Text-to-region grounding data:
§

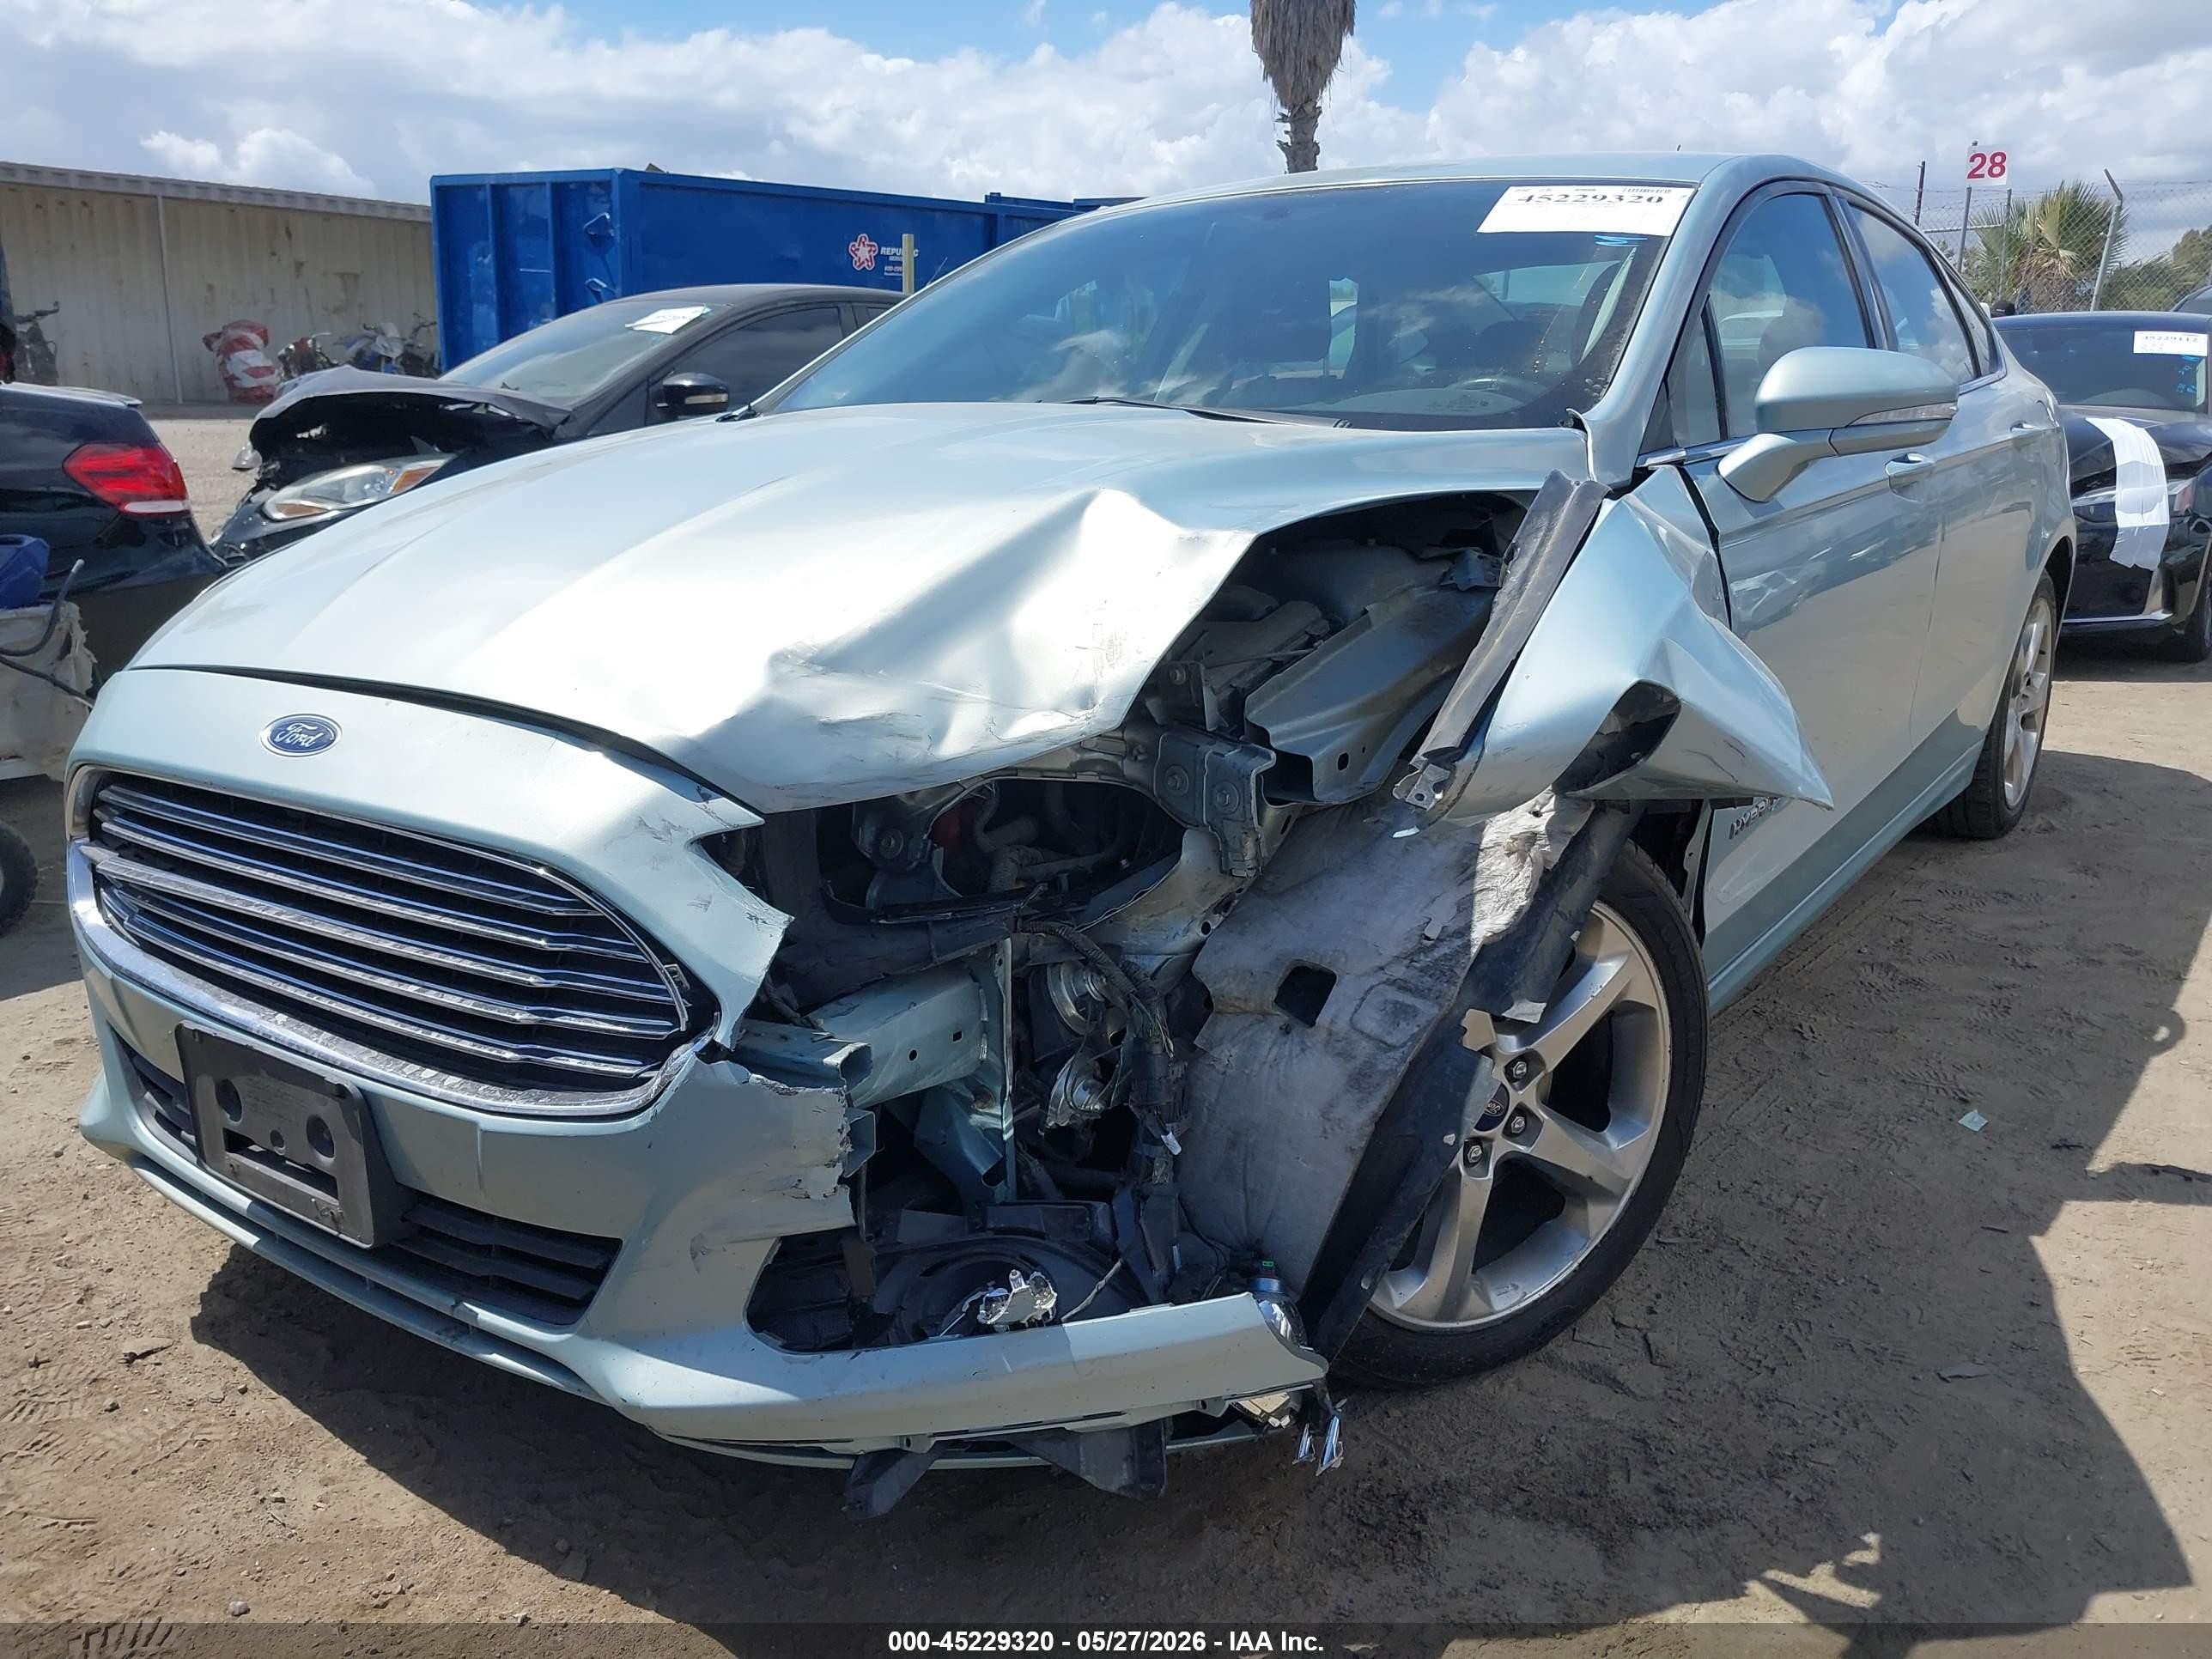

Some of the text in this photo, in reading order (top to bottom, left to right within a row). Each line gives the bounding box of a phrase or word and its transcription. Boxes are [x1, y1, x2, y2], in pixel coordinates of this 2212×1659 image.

[1967, 151, 2007, 179] 28
[1517, 193, 1663, 204] 45229320
[880, 246, 919, 257] REPUC
[274, 722, 325, 747] Ford

§

▸ Exercise instructions
Restate it all word for word: every record, no pictures.

▸ Response to this exercise
Some of the text in this photo, in reading order (top to bottom, left to right within a row). Each line gives the bounding box of a phrase or word and its transcription. Boxes are [x1, y1, x2, y2], in pixel coordinates of this 2212×1659 image.

[1967, 151, 2007, 179] 28
[1517, 193, 1663, 204] 45229320
[880, 246, 919, 257] REPUC
[274, 722, 325, 747] Ford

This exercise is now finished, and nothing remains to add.